Christian, along with four other inmate volunteers, was describing his work at the hospice unit at State Correctional Institution – Laurel Highlands, a former state mental hospital that was converted in 1996 to a prison hospital for male inmates.
The facility has had a full-time hospice service for two years with room for seven inmates at a time. Previously, the hospital had a less formal system where the nursing staff tried to make inmates comfortable as they neared death.
PublicSource was granted access in August under an agreement that the last names of inmates would not be used.
Life means life
Only Florida has more inmates serving life without parole than Pennsylvania, according to a nationwide ranking of 2012 numbers by the Sentencing Project in Washington, D.C.
State law mandates life in prison for defendants convicted of first and second-degree murder.
Accomplices to murder are treated the same as a killer, even if they themselves did not cause the death. First-degree murderers can also be sentenced to death.
Repeat violent offenders can also be sentenced to life under Pennsylvania’s three-strikes law, and other inmates serve de-facto life sentences with minimums so lengthy that they will almost certainly die before release.
From 2009 through 2013, 144 lifers died in Pennsylvania, according to state statistics. Over the same period, only four inmates had life sentences commuted by the governor after unanimous recommendation by the Board of Pardons.
Since 2010, just six inmates have been granted compassionate release, which is available to inmates nearing death who meet strict criteria, according to the Department of Corrections.
‘Nobody dies alone’
At SCI – Laurel Highlands, volunteers like Christian visit patients several hours each week, playing games, helping them write letters and sometimes just keeping them company.
“Those guys need help.
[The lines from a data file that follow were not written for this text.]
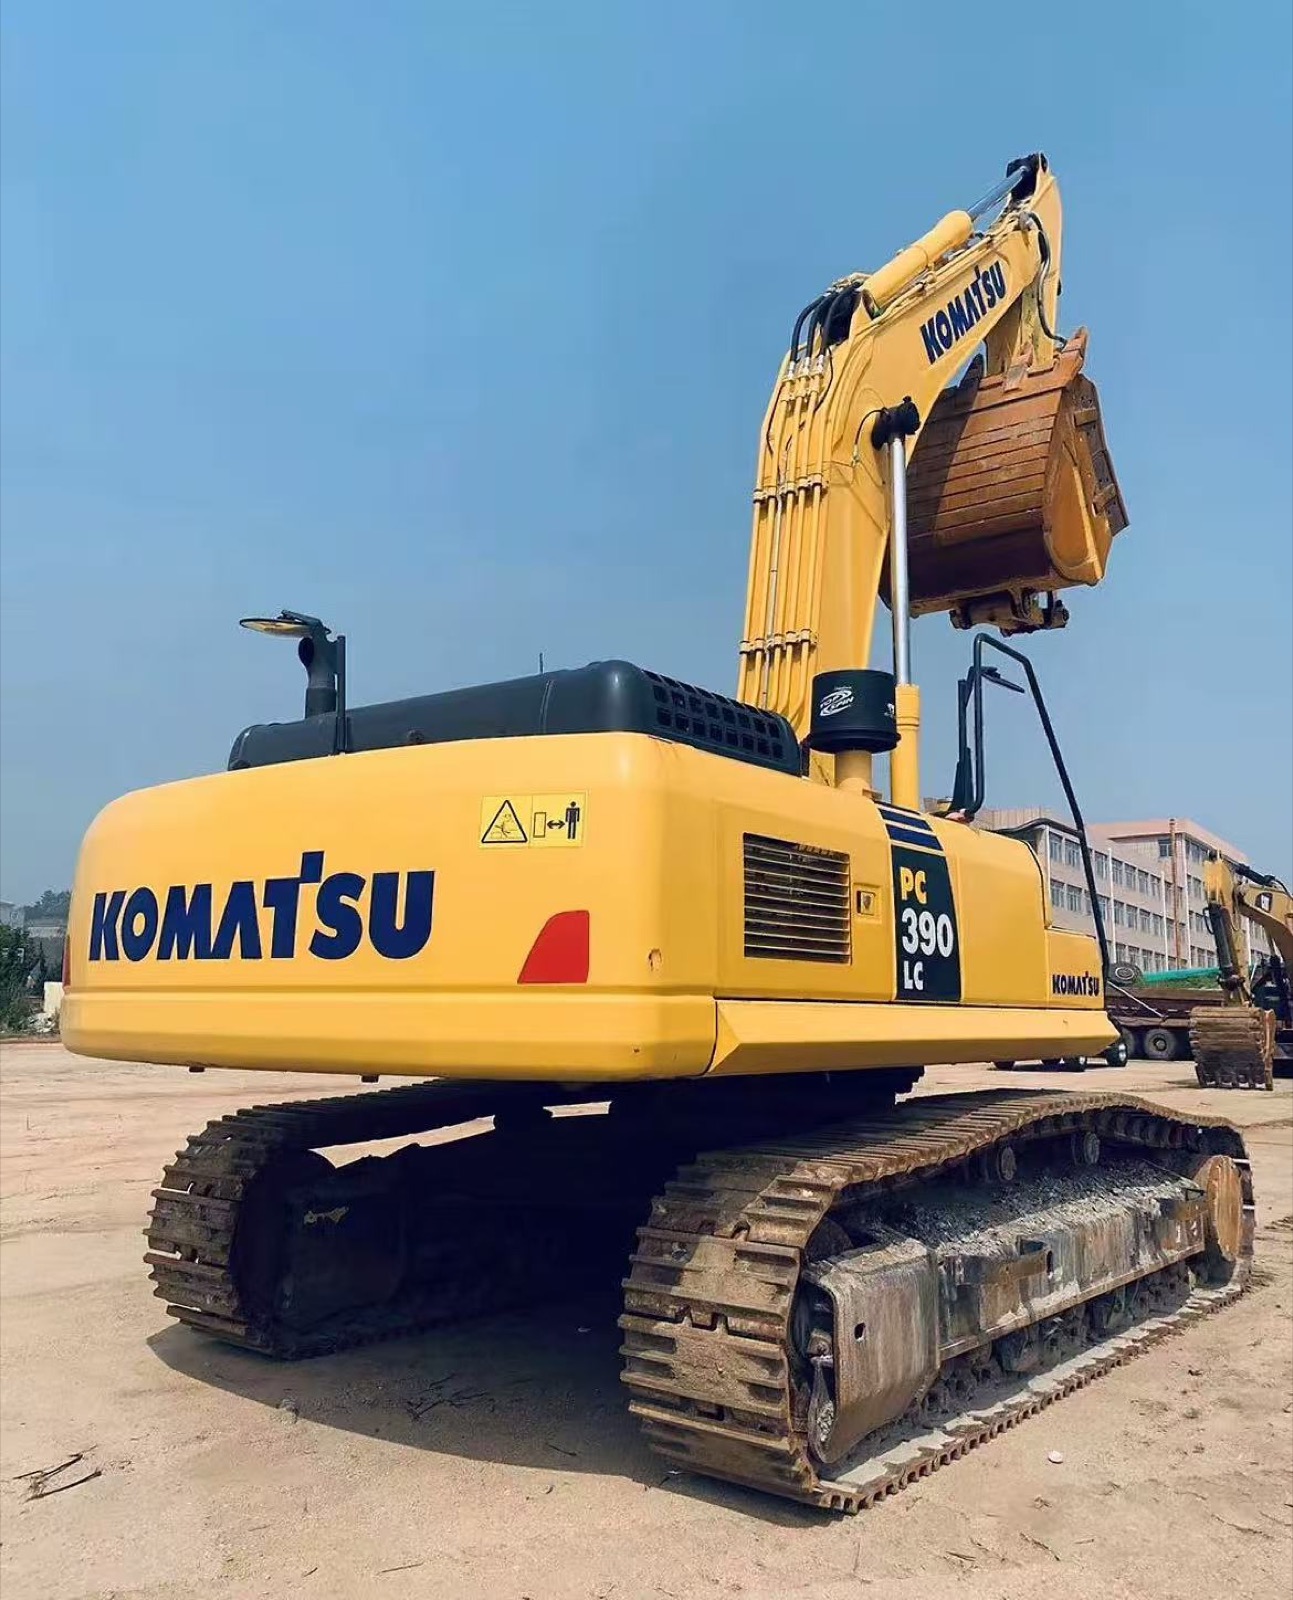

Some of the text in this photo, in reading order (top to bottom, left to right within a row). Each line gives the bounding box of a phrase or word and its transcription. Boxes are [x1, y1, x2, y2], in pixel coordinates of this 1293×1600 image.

[920, 261, 1006, 364] KOMATSU
[90, 851, 434, 961] KOMATSU
[900, 867, 927, 904] PC
[902, 907, 954, 958] 390
[904, 961, 925, 991] LC
[1052, 972, 1099, 996] KOMATSU
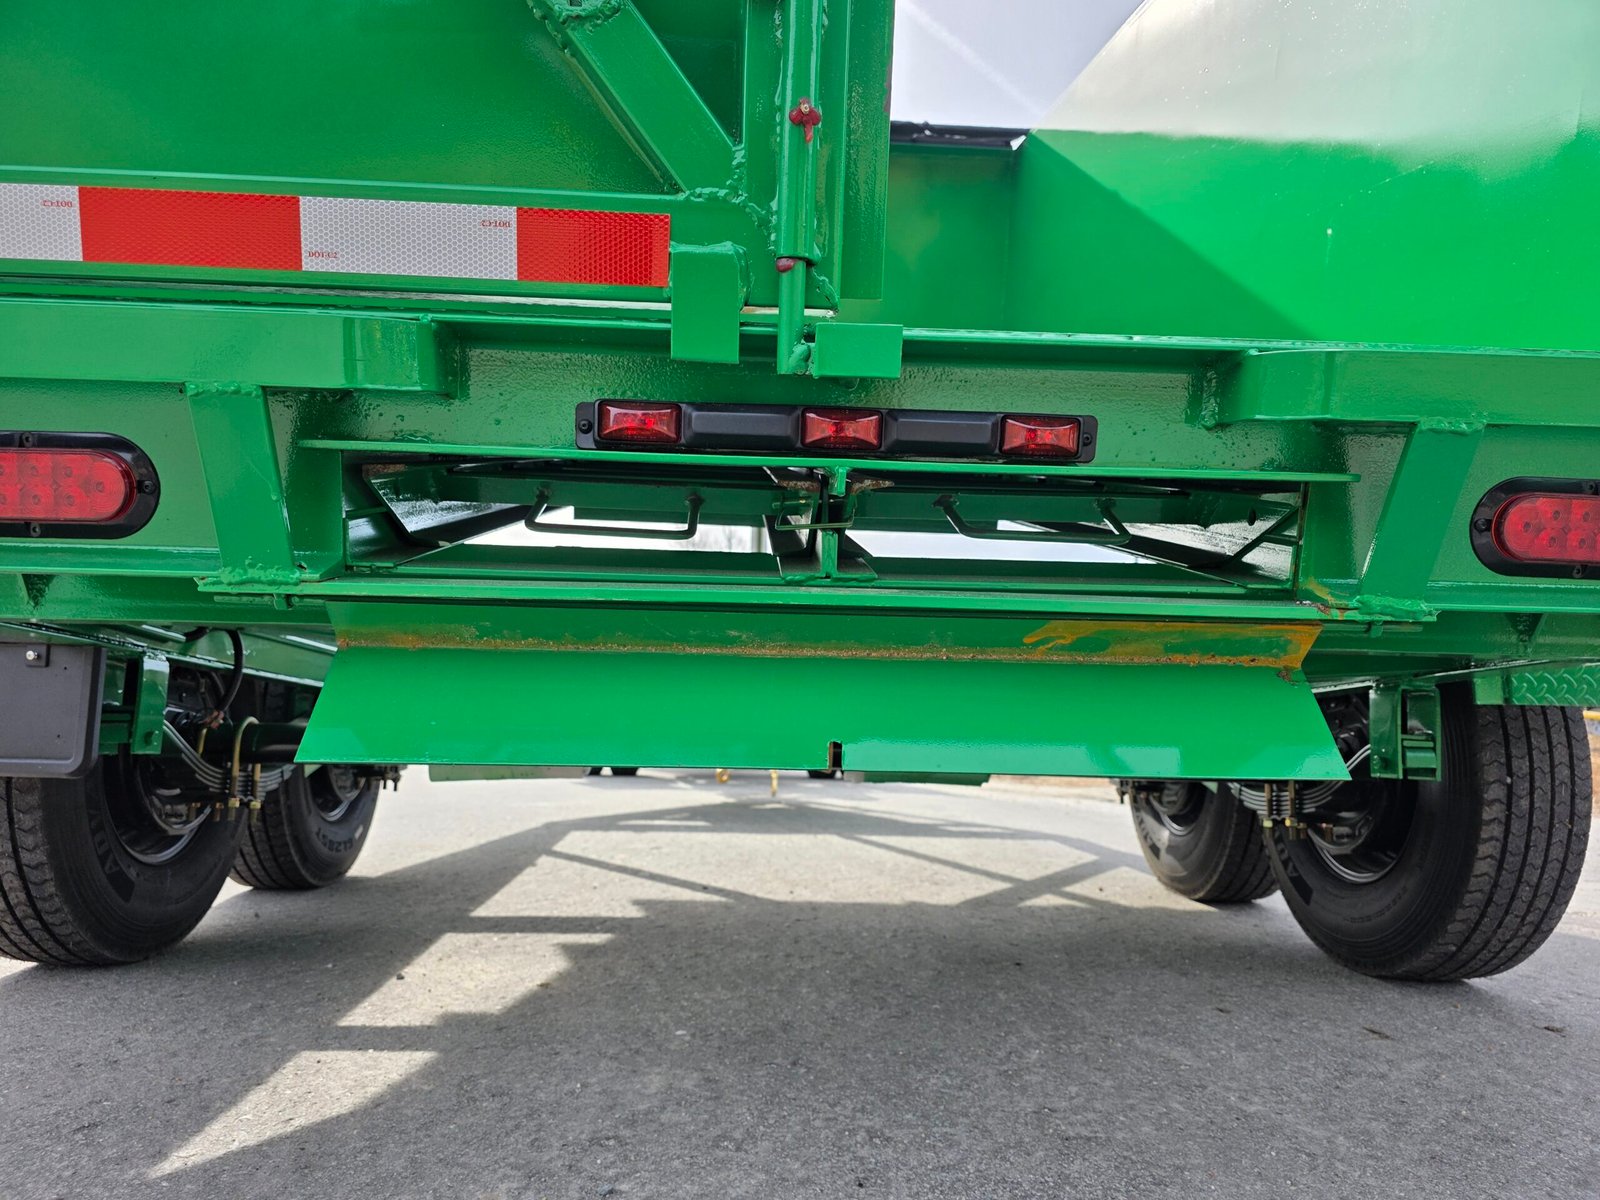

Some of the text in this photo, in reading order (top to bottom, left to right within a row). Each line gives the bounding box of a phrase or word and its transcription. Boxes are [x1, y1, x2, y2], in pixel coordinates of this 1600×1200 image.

[43, 200, 73, 208] DOT-C2
[481, 220, 511, 228] DOT-C2
[308, 251, 338, 259] DOT-C2
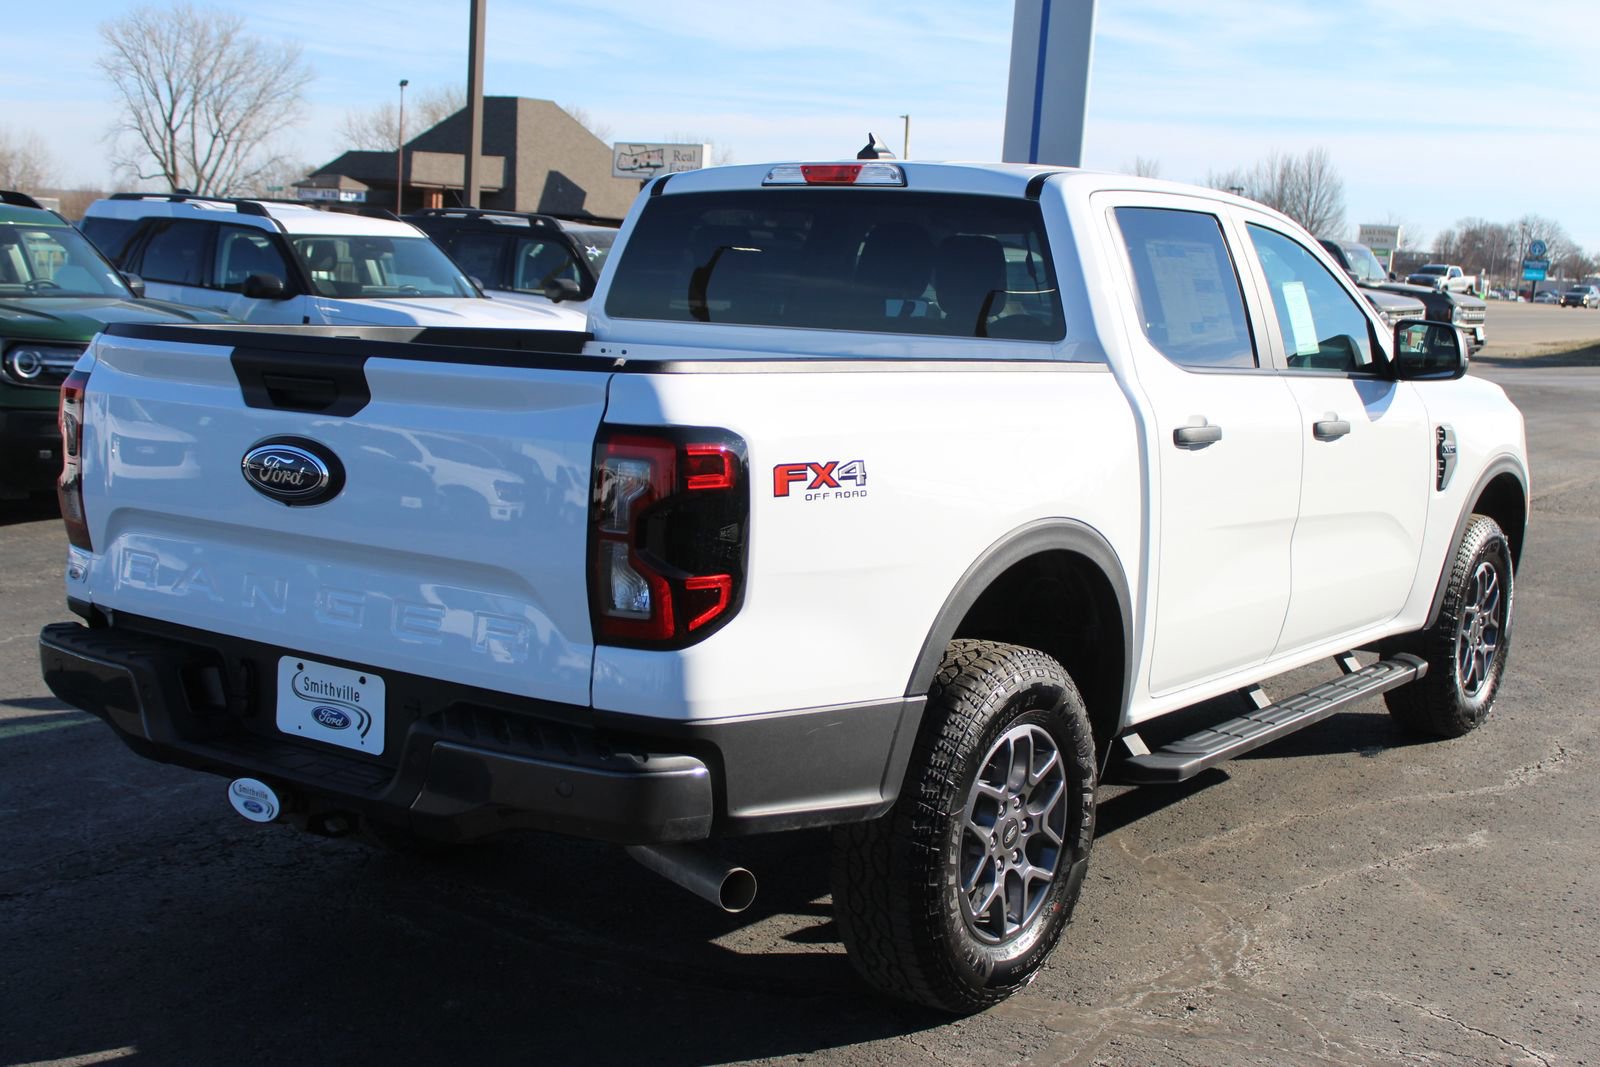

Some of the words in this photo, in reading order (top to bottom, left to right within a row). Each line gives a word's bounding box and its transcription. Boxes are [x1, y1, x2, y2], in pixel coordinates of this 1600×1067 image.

[673, 149, 696, 162] Real
[259, 455, 304, 486] Ford
[773, 459, 867, 498] FX4
[805, 493, 830, 501] OFF
[835, 490, 867, 500] ROAD
[117, 547, 531, 665] RANGER
[304, 676, 360, 702] Smithville
[318, 708, 345, 727] Ford
They don’t have no family coming to visit,” said Elvis, an inmate volunteer from Venango County.
In the seven rooms for dedicated hospice care referred to as cubes, the focus is on reducing pain, providing comfort and helping them reach out to family members.
The program is based in part on a hospice unit in California where Laurel Highlands’ former superintendent sent Annette Kowalewski, a corrections healthcare administrator, and Paula Sroka, a quality improvement nurse.
In August, the hospice rooms were full until a 68-year-old inmate died after declining treatment for liver disease and lung cancer.
Medical staff are responsible for all the patients’ health care, while inmates provide companionship and physical help such as lifting patients out of bed.
Terminal illness strikes young inmates too, and a life term is not a prerequisite to dying in prison.
Special arrangements are made so family members can visit — sometimes for hours at a time — and the prison ensures that they’ll have access when the patient is dying.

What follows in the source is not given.